"""

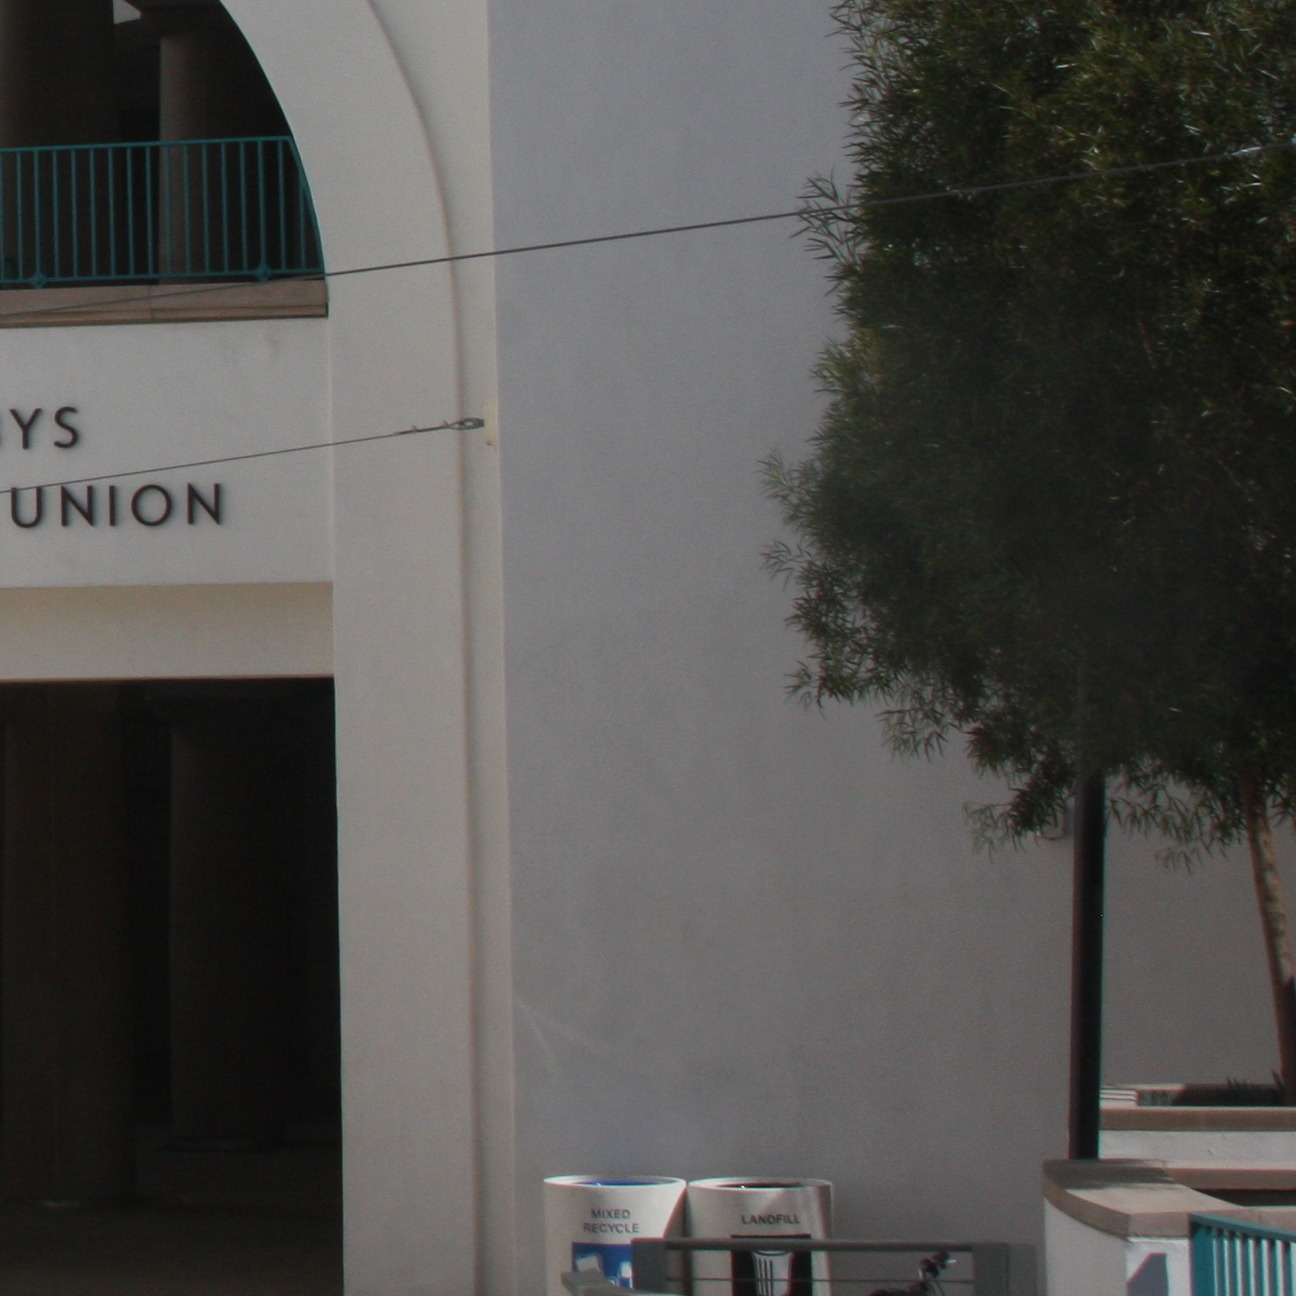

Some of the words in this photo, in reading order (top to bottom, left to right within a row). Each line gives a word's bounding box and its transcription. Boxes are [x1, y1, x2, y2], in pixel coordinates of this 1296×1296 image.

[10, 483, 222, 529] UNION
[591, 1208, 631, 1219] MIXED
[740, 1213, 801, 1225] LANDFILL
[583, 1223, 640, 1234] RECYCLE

"""

> What the task asks:
Leave the pictures out and transcribe the remaining material exactly.

> Reply to the task:
Some of the words in this photo, in reading order (top to bottom, left to right within a row). Each line gives a word's bounding box and its transcription. Boxes are [x1, y1, x2, y2], in pixel coordinates of this 1296×1296 image.

[10, 483, 222, 529] UNION
[591, 1208, 631, 1219] MIXED
[740, 1213, 801, 1225] LANDFILL
[583, 1223, 640, 1234] RECYCLE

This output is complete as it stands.